### TASK INPUT
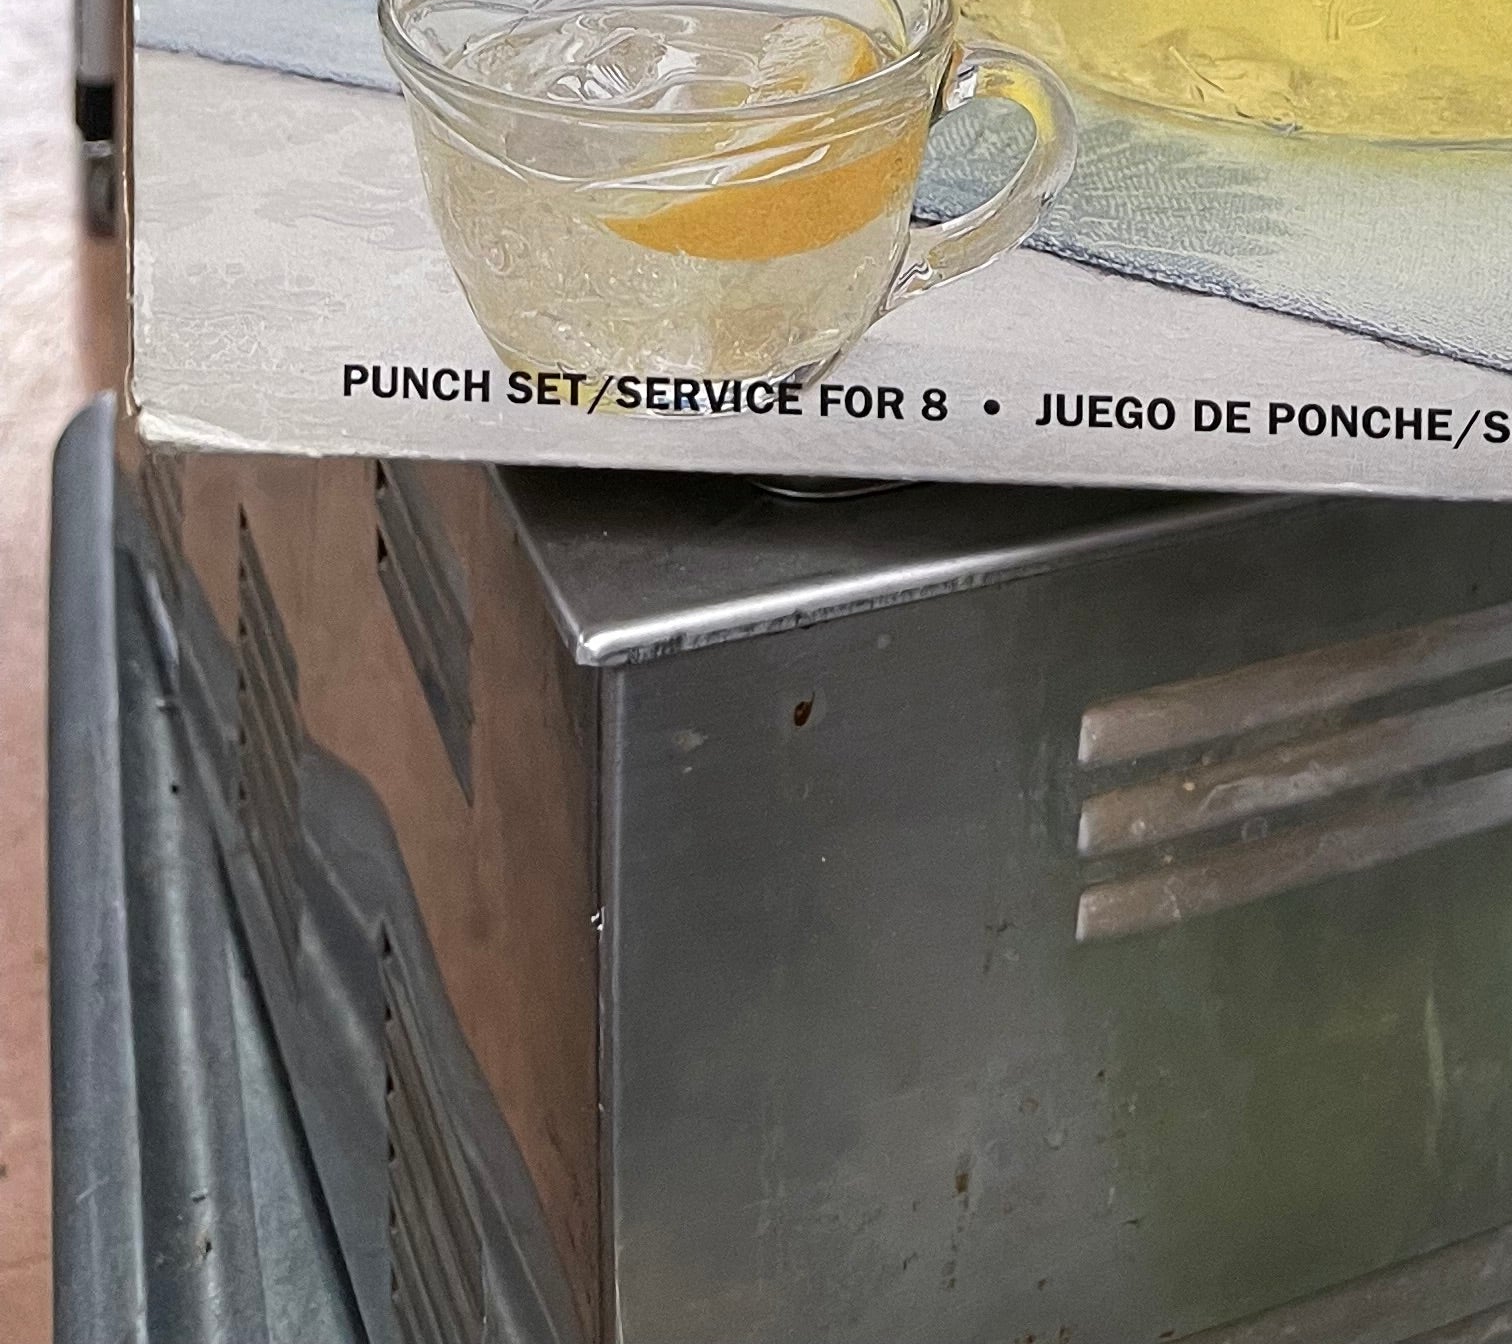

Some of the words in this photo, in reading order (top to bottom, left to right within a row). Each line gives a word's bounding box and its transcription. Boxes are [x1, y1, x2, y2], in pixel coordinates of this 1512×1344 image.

[343, 364, 490, 403] PUNCH
[506, 370, 803, 416] SET/SERVICE
[820, 383, 904, 420] FOR
[921, 388, 948, 422] 8
[1035, 393, 1176, 431] JUEGO
[1195, 399, 1252, 434] DE
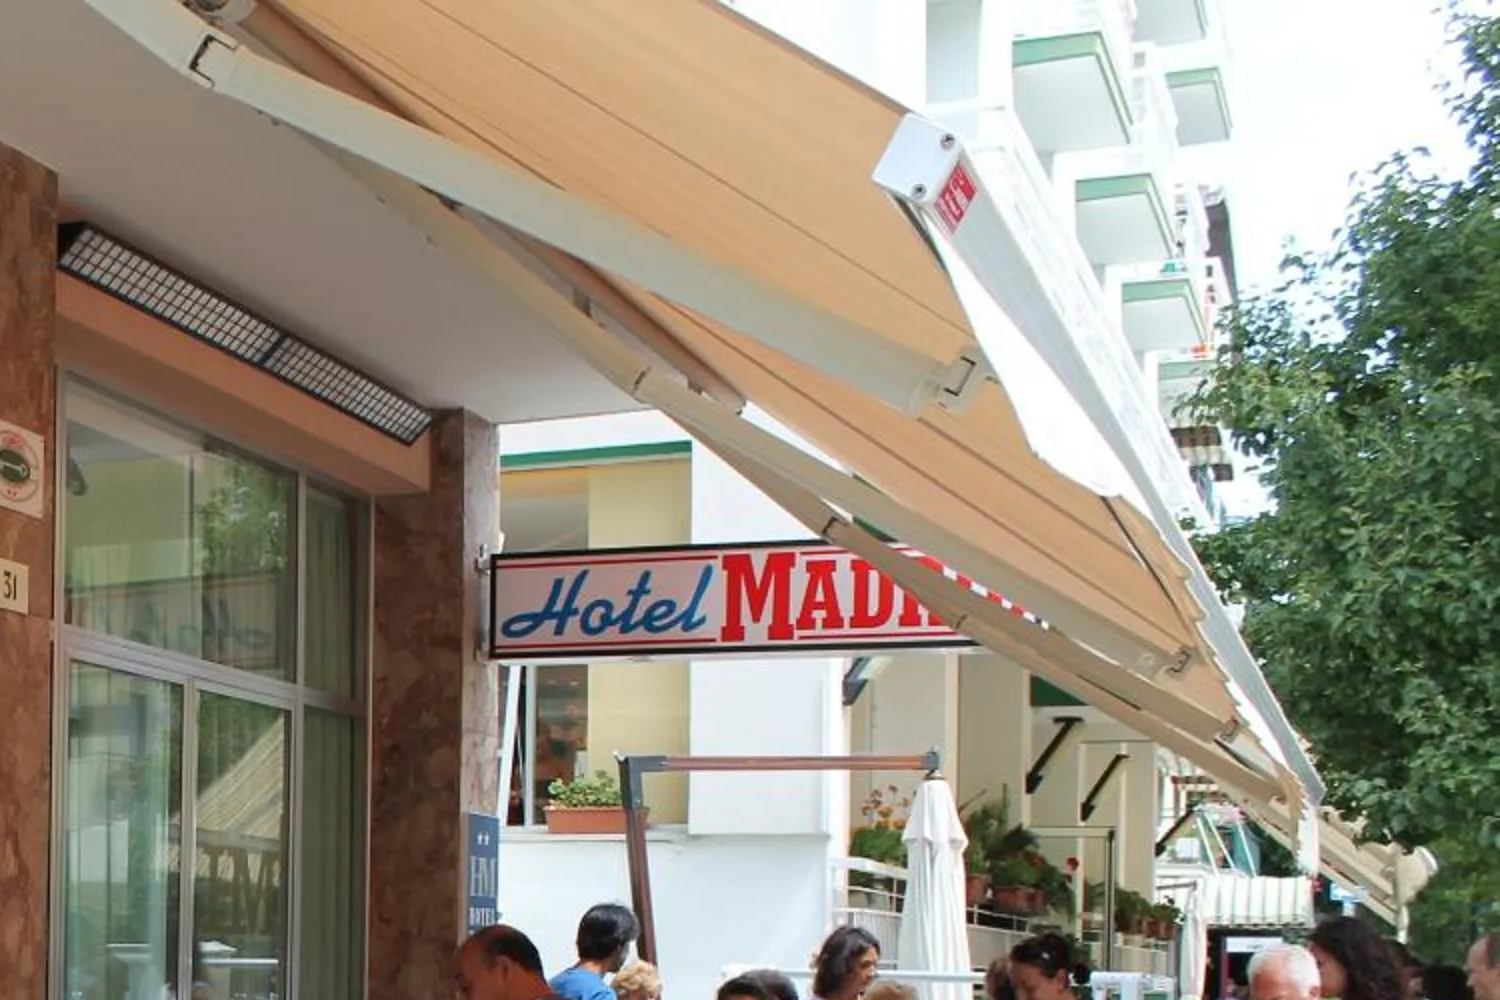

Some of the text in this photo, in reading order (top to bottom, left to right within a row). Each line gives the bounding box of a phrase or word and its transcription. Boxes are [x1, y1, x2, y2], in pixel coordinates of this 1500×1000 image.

[3, 569, 17, 600] 31
[502, 551, 948, 642] Hotel MAD
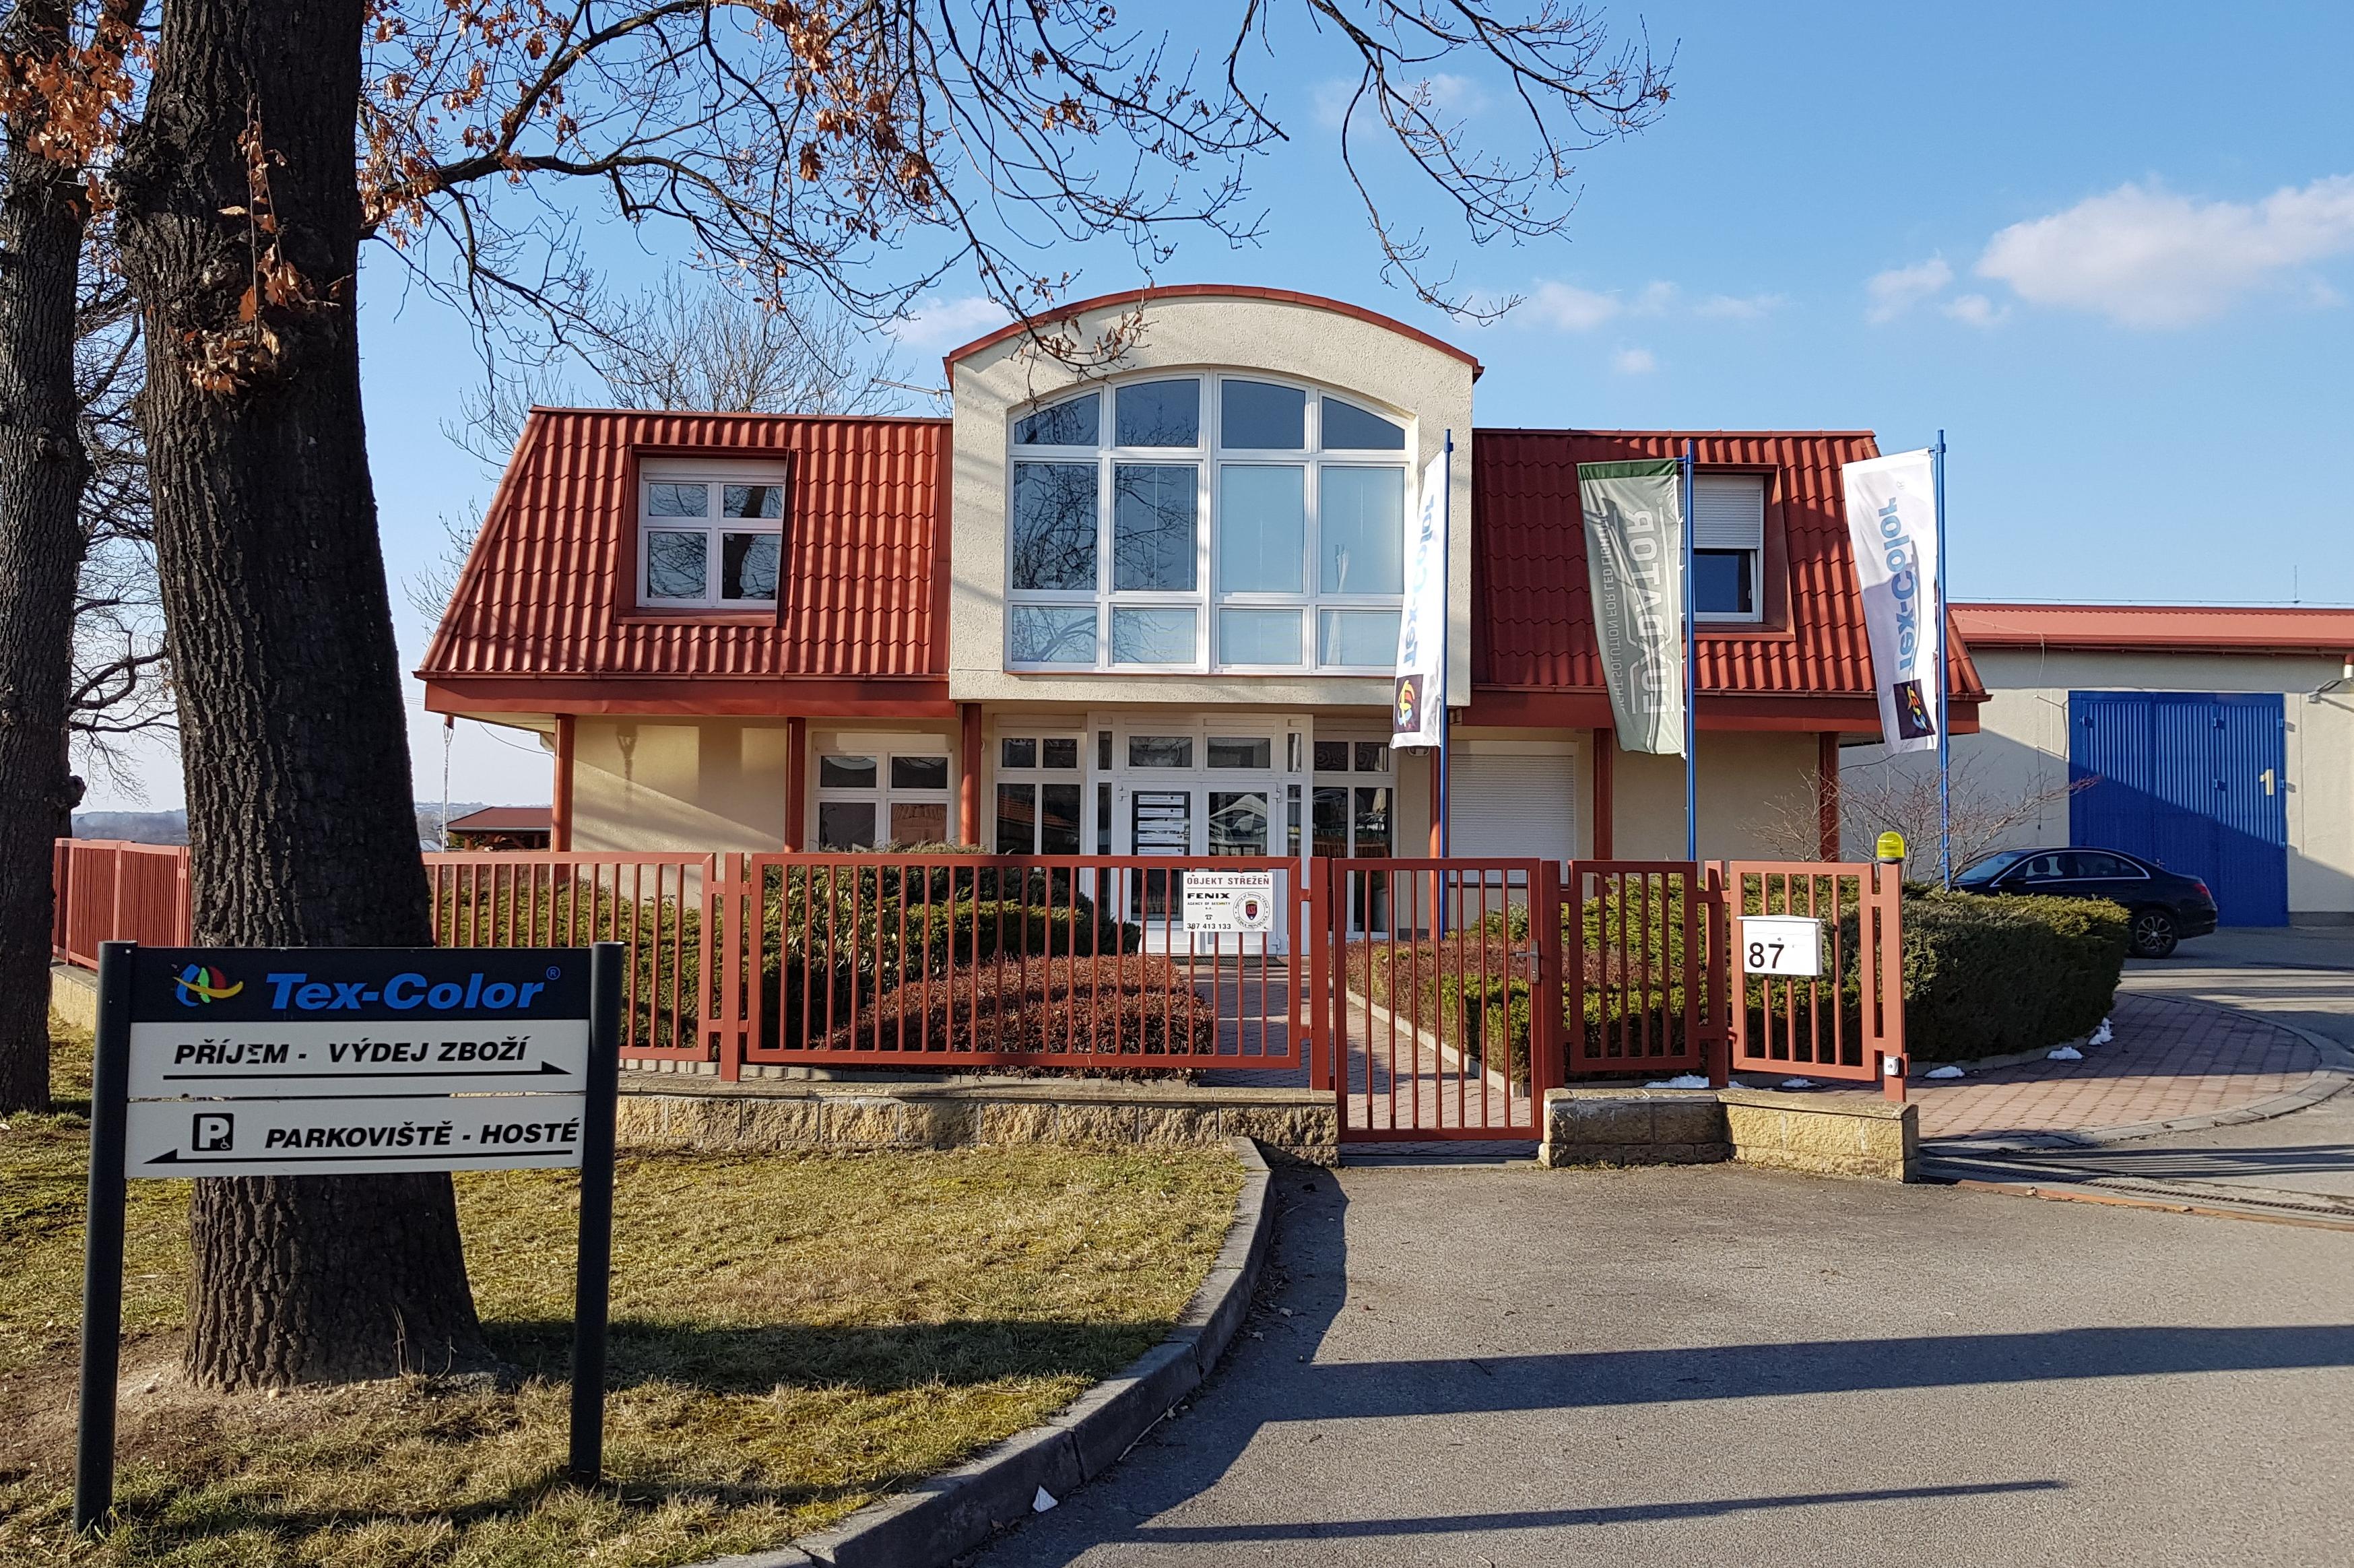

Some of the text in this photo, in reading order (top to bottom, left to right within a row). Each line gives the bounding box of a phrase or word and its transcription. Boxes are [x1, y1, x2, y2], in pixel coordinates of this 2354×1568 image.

### TASK BRIEF
Each line of the records is to be reproduced exactly, and each picture dropped.

### THE ANSWER
Some of the words in this photo, in reading order (top to bottom, left to right within a row). Each line gives a word's bounding box and its transcription. Boxes are [x1, y1, x2, y2], in pixel coordinates of this 1512×1344 image.

[343, 364, 490, 403] PUNCH
[506, 370, 803, 416] SET/SERVICE
[820, 383, 904, 420] FOR
[921, 388, 948, 422] 8
[1035, 393, 1176, 431] JUEGO
[1195, 399, 1252, 434] DE

Some of the text in this photo, in reading order (top to bottom, left to right within a row). Each line gives the bounding box of a phrase or word and its transcription. Boxes are [x1, y1, x2, y2], in pixel coordinates of this 1500×1000 image.

[3, 569, 17, 600] 31
[502, 551, 948, 642] Hotel MAD

Some of the text in this photo, in reading order (top to bottom, left to right within a row). Each line gives the bounding box of a phrase or word and its transcription. Boxes are [x1, y1, x2, y2], in pixel coordinates of this 2354×1568 image.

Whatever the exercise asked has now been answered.